None of the exhalations in a town, whether from graveyards or sewers, are, I believe, nearly so fatal to health as smoke; although the former also, are often very injurious, and should be carefully guarded against. But the smoke in some towns, especially in London, is ruinous to the health and strength of almost every one who dwells amid it. In this town, there are but few public factories, and the chief part of the smoke comes from private houses. Until this be got rid of, every human being who lives in London, will suffer more or less in health, and the whole race of its inhabitants must be deteriorated. It has been shown, I believe, to be perfectly practicable, by conducting the smoke from the different houses in each row into a common vent, and there consuming it, to prevent any of these deleterious sooty particles from escaping into the air. Scarcely anything would be of equal value to the town as such a measure, if universally adopted.

Much has been done of late years to improve the ventilation of the houses of the rich, and of those parts of public institutions, which are set apart for them. But how little in either respect has been done for the poor! How pestilential are the upper galleries of our theatres! How

many a fever and consumption might be traced to them! How wretched and unwholesome are the rooms of their own houses! How little has been done to make themselves feel the sovereign importance of fresh air, the religion and duty which they owe to their bodies! It is seldom that the women among the poorer classes in the large towns ever leave their houses, except on necessary errands, and when they thus become diseased, a constitutional walk is beyond the power of their medical adviser to obtain.

But religion and duty form but one part of our lives, not one whit superior in importance to others. A life guided by principle alone or chiefly, is an imperfect one, and by no means the ideal of humanity, which with its innate demand for freedom, cannot bear to feel itself the slave of laws, and is spoiled in its completeness and beauty by such a feeling.

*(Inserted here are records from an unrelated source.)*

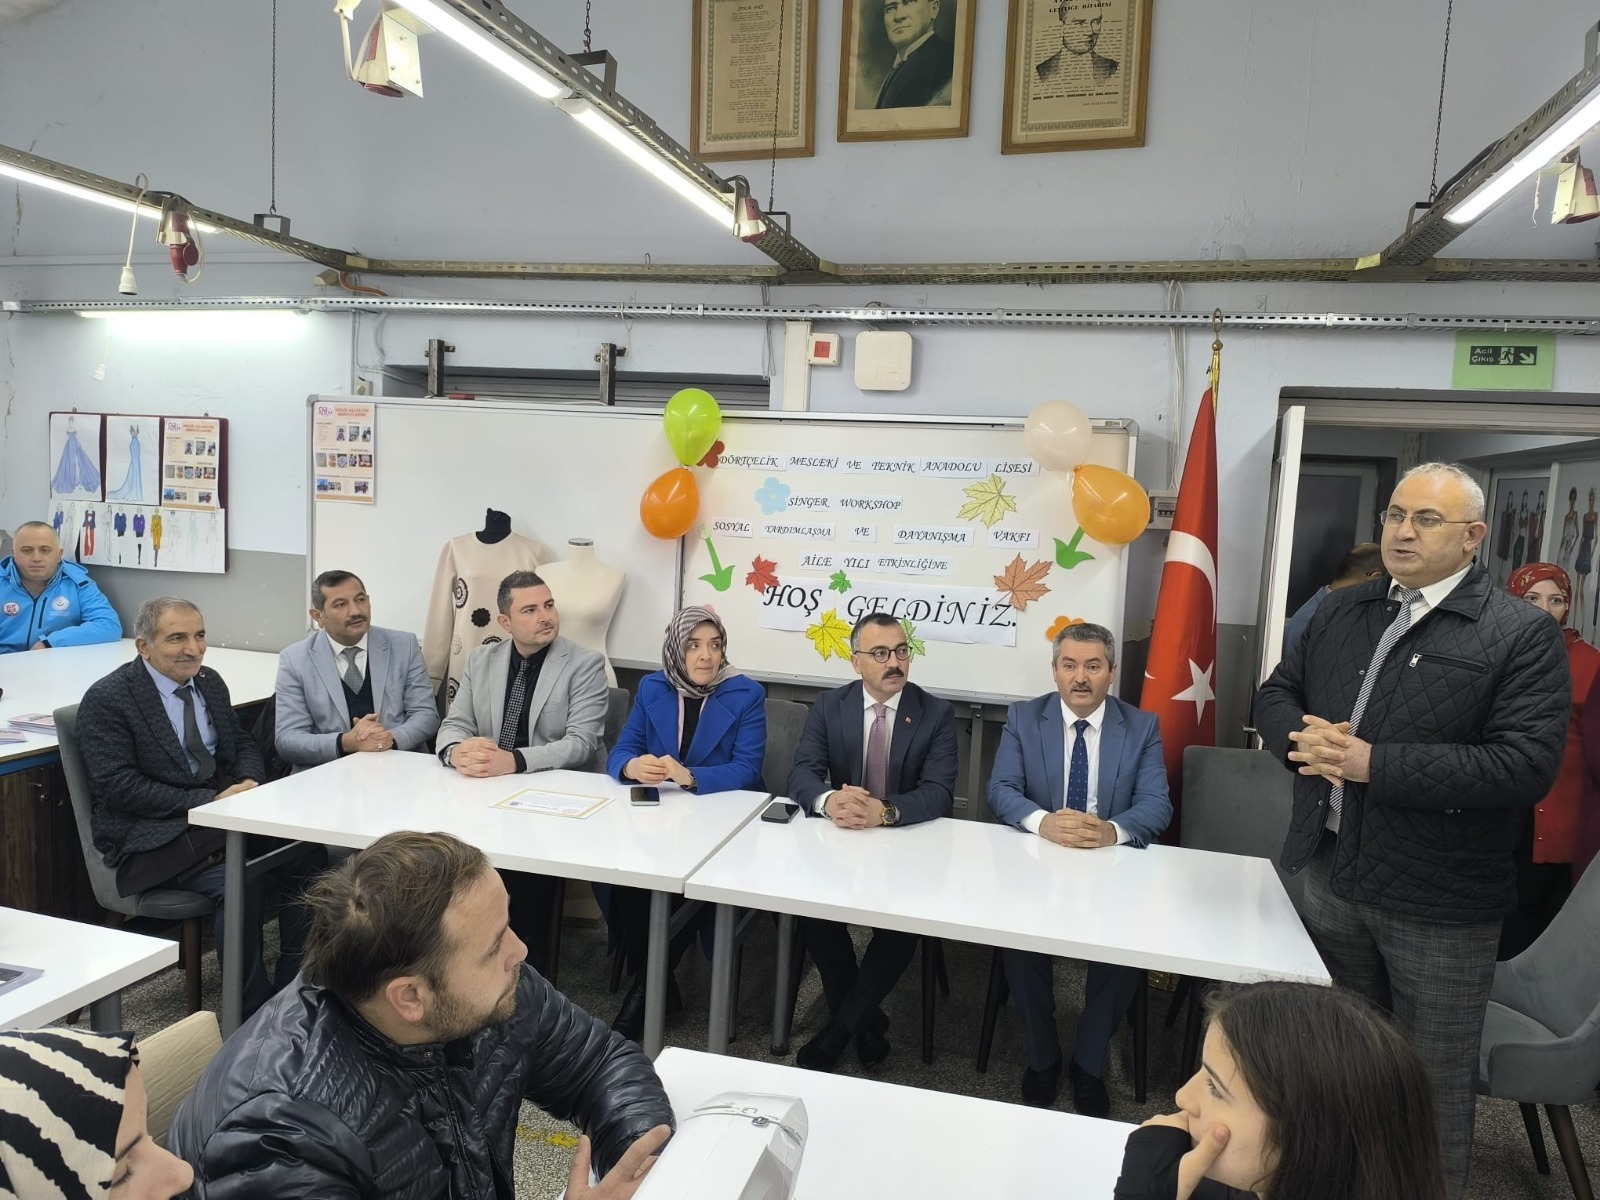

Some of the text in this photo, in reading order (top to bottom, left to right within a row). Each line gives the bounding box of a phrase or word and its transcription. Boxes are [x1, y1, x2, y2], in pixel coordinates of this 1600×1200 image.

[1471, 355, 1494, 363] Çıkış
[718, 455, 1033, 473] DÖRTÇELİK MESLEKİ VE TEKNİK ANADOLU LİSESİ
[787, 496, 902, 510] SİNGER WORKSHOP
[713, 521, 1031, 543] SOSYAL YARDIMLAŞMA VE DAYANIŞMA VAKFI
[801, 554, 948, 571] AİLE YILI ETKİNLİĞİNE
[763, 585, 822, 617] HOŞ

Thus there should be inducements of pleasure, happiness, and spontaneous choice, to lead us along the paths of duty; and in the matter of air and exercise, it is not to be expected or desired, that man or woman should take them merely on principle or as a duty. They are too often prescribed as medicines, like the moral virtues, without means being taken to combine their benefits with the happy freedom of spontaneous choice, without which all medicines or duties are imperfect.

Therefore, constant habit from early infancy, teaching us to regard fresh air as a necessary of life; all manner of inducements and social pleasures linked with the idea of the open air, should combine with the recognition of our religious and dutiful relation to it, to make men eagerly seek after it, in every condition and circumstance of life.

There is another great reason of the awful degradation of our poor townsmen. It is the separation between them and the richer classes. Had there been any bond of union, any connection of intimacy, of friendship, of social enjoyment; any heart sympathy or understanding between them, could the unfortunate poor have got into such a wretched state? Had the foot of the wealthy often sought the streets, had it ever passed the threshold of the poor, and beheld the stifling squalor behind it, had his sympathies been mixed with those of his fellow-being in but an infinitesimal proportion of that amount which our common humanity demands, could these evils have remained so? No; it is in great part because the poor have been excluded from our friendship and sympathies, because we are class conventionalists, and not real men, because we have no communion with them at home or abroad, that there have arisen such miserable evils in their state. Neither physically nor morally, can the poor be sufficiently elevated, save by the habitual mingling among them, for mutual instruction and sympathy, of those who have more time and opportunity to cultivate their various faculties.